Ramunno underwent a mastectomy months before her daughter had the same procedure. Breast cancer necessitated the operation for both women. Ramunno continues to battle a rare type of cancer called inflammatory breast cancer. It strikes only 1 to 3 percent of breast cancer patients, she said.
Her recovery process included radiation treatment and a PET scan. The Yampa Valley Breast Cancer Awareness Project, which is hosting the fifth annual Bust of Steamboat fundraiser on Oct. 27, provided financial assistance that helped Ramunno with the cost of the commute to receive treatment.
“I have received several generous checks,” Ramunno said. “The money was a godsend, but I didn’t really expect it, so that was really nice.”
Ramunno said the support she received from her family, friends and medical staff helped her the most during recovery, and she is now comfortable talking about her prognosis.
“I decided to be pretty frank and talk to anybody who wants to know,” she said. “Maybe it’s an encouragement to others, and it is definitely helpful to my daughter.”
Bea Reyes also received assistance from the Yampa Valley Breast Cancer Awareness Project to help pay for travel expenses for her breast cancer treatment and for babysitting services for her three children, who all are younger than five.
“The contributions from the YVBCAP have made a world of difference to me, mentally and emotionally,” Reyes said. “To know that people care helps me get through my cancer.”
Over the last year, the Breast Cancer Awareness Project has spent almost $20,000 for mammograms at Yampa Valley Medical Center and The Memorial Hospital in Craig. Some of that money was used to buy robes for the mammography room at YVMC and for individual patient expenses, including travel, hotels, gas money, health exams, wigs and prostheses.
“Our goal is to give this all back to the needs of the Yampa Valley,” said Jan Fritz, registered nurse and Breast Cancer Awareness Project committee member. “One of our goals is education about breast cancer. There will be information at the event about prevention and about what self responsibility we have.”

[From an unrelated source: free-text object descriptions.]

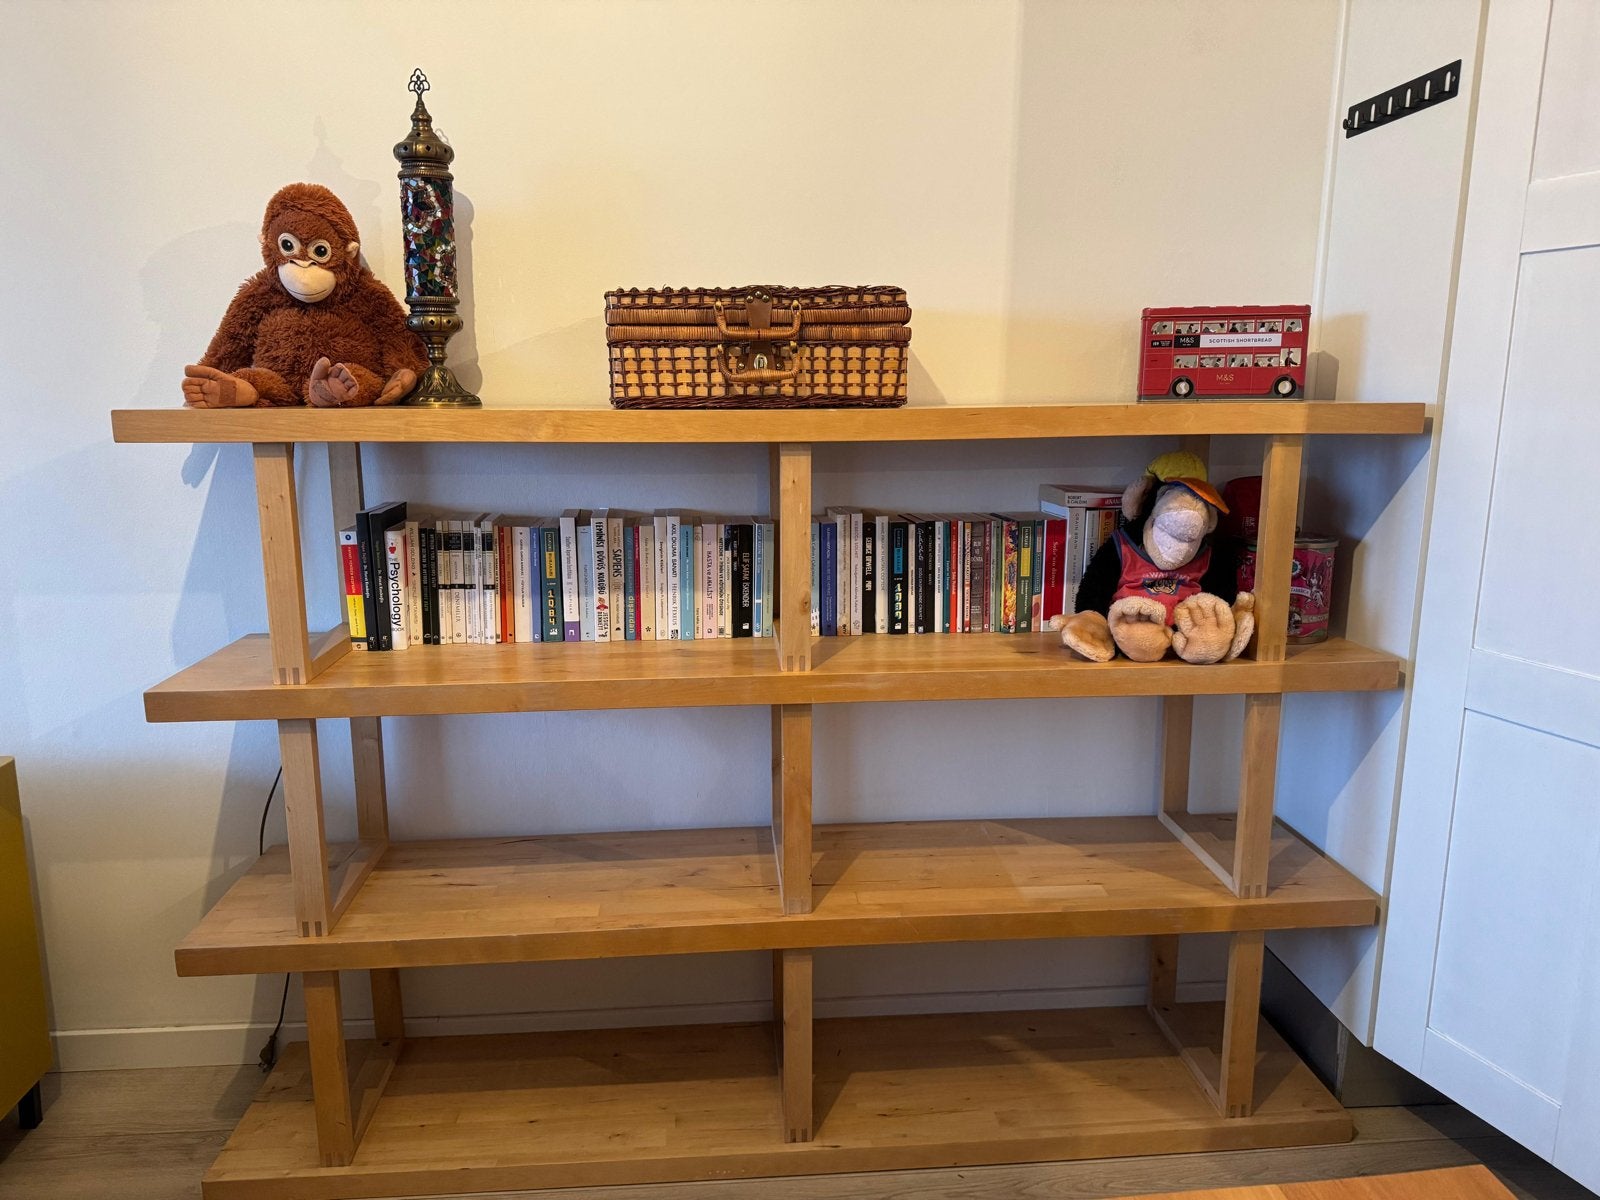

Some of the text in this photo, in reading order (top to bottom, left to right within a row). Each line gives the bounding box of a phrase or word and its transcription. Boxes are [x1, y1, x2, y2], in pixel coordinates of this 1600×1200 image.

[1216, 374, 1234, 382] M&S
[595, 522, 607, 595] FEMİNİST DÖVÜŞ KULÜBÜ
[612, 548, 622, 578] SAPIENS
[741, 552, 751, 608] ELİF ŞAFAK İSKENDER
[389, 562, 402, 627] Psychology

The Bust of Steamboat event is about having fun and reflecting on the positive components of breast cancer. There will be live jazz music, hors d’ oeuvres, wine and beer. There also will be 26 bejeweled and decorated bras that will be auctioned off, as well as a season ski pass.

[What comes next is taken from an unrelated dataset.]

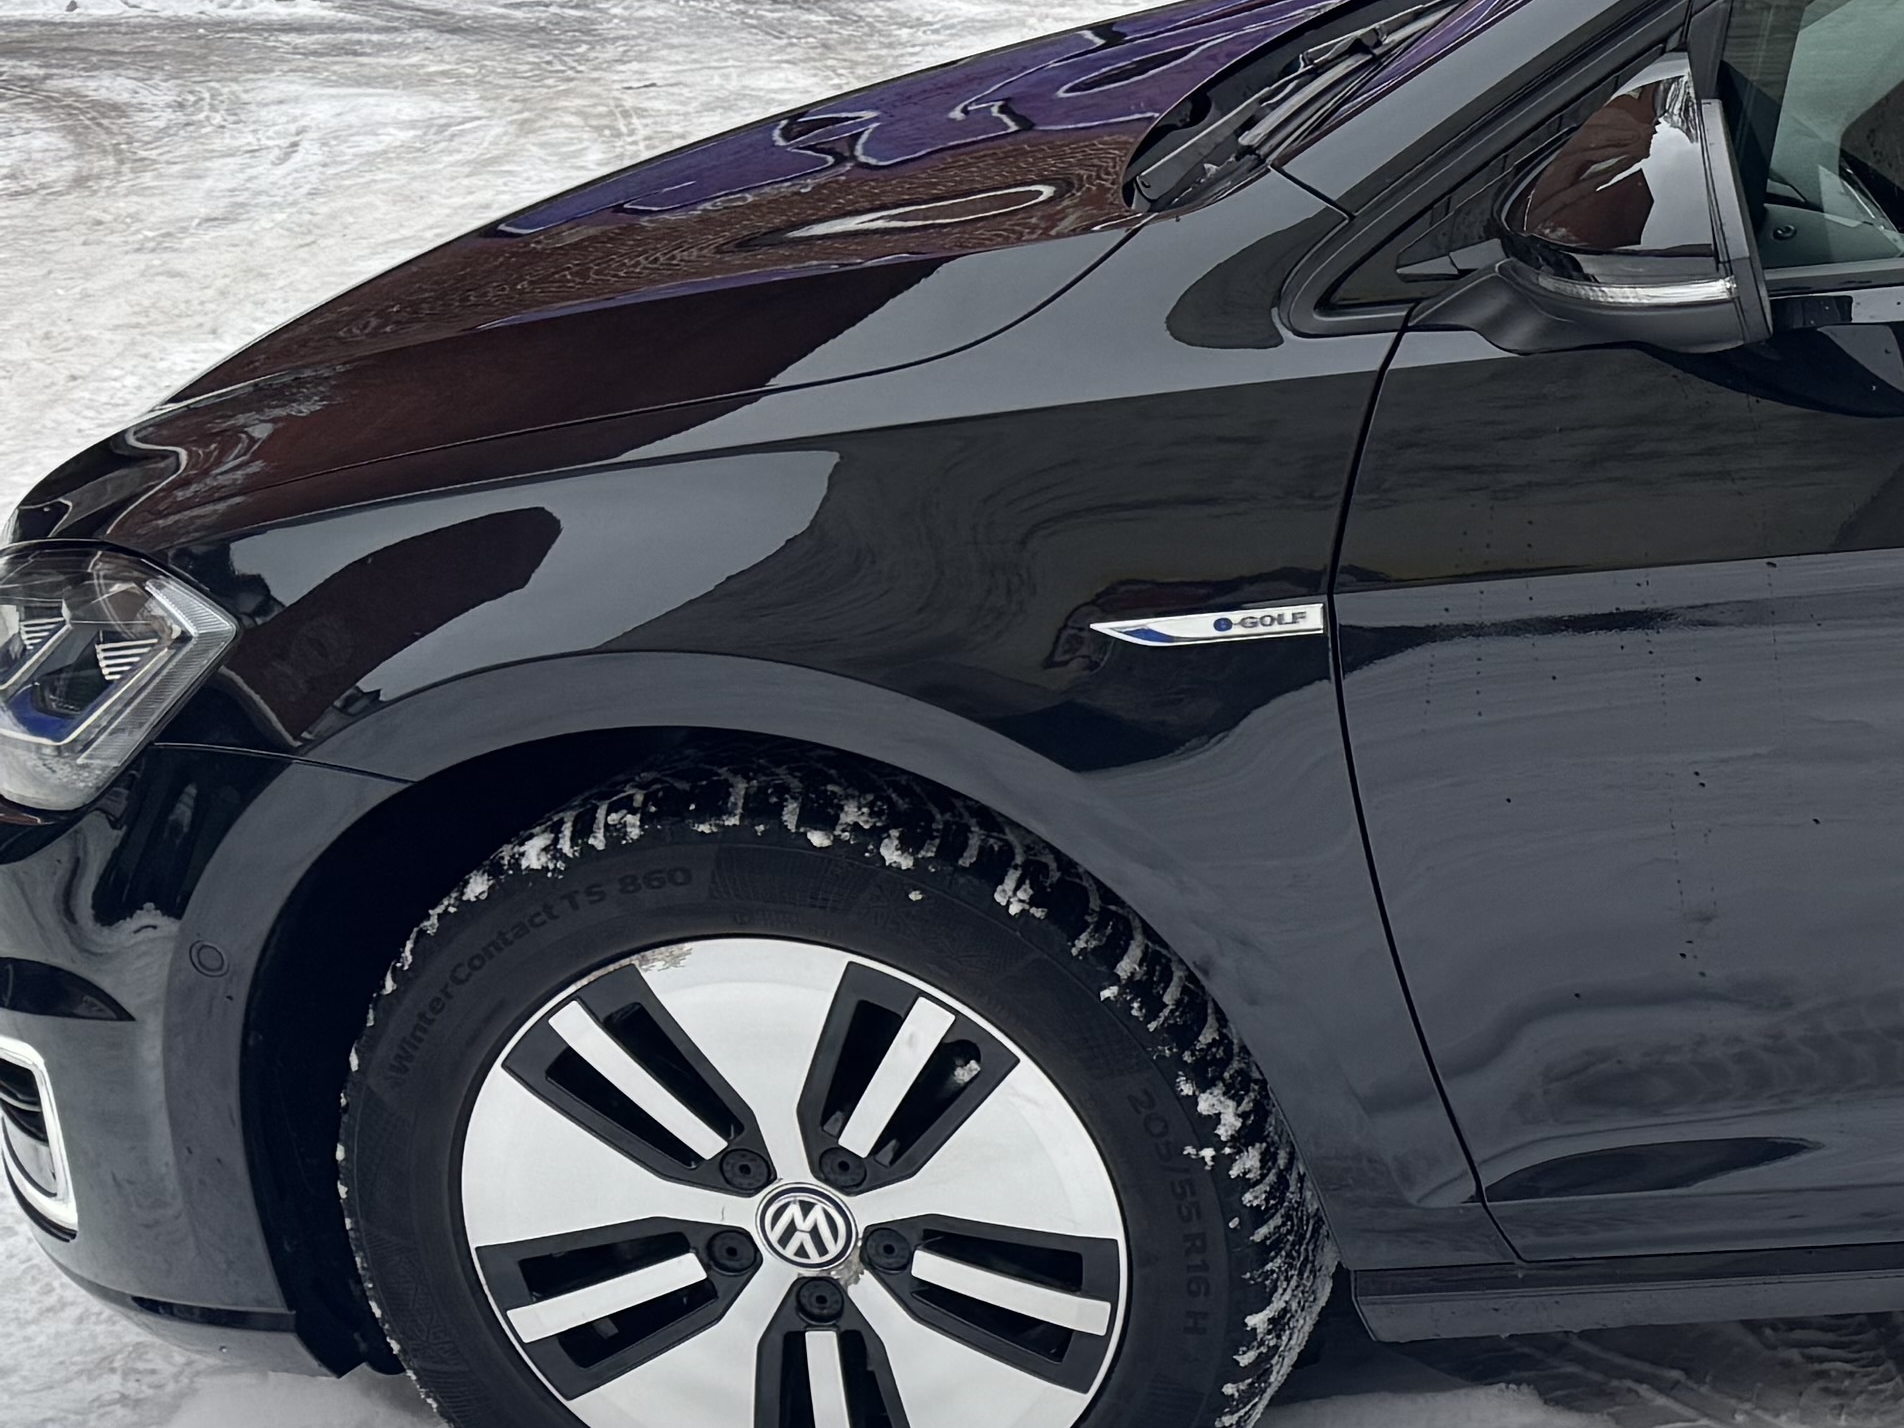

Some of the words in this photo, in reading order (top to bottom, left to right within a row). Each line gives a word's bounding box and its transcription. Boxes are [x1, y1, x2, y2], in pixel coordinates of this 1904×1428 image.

[560, 881, 607, 913] TS
[616, 866, 693, 895] 860
[1181, 1230, 1211, 1298] R16
[1182, 1310, 1210, 1336] H

One of the more interesting bra specimens this year is called, “Titillating,” and was made in honor of someone who lost their battle with breast cancer.
“It focuses on the breast and how people have seen the breast throughout history,” Fritz said. “And there’s one called ‘Diamonds are a Girl’s Bust Friend,’ which shows the fancy and feminine side.”
Even a preschool-aged boy made a Bust of Steamboat bra this year. Another is three-dimensional and is made out of mosaic tiles. The bras generally auction for between $100 and $1,000.
“One last year went for over $2,000,” Fritz said. “My favorite part of the event is seeing the creativity. People think about it months and months ahead, and it is absolutely one of the most creative things that can be seen with an educational purpose.”
The Yampa Valley Breast Cancer Awareness Project (YVCAP) was established in 2000 for women of Routt and Moffat counties to prevent or treat breast cancer, which means all the money raised stays in the community.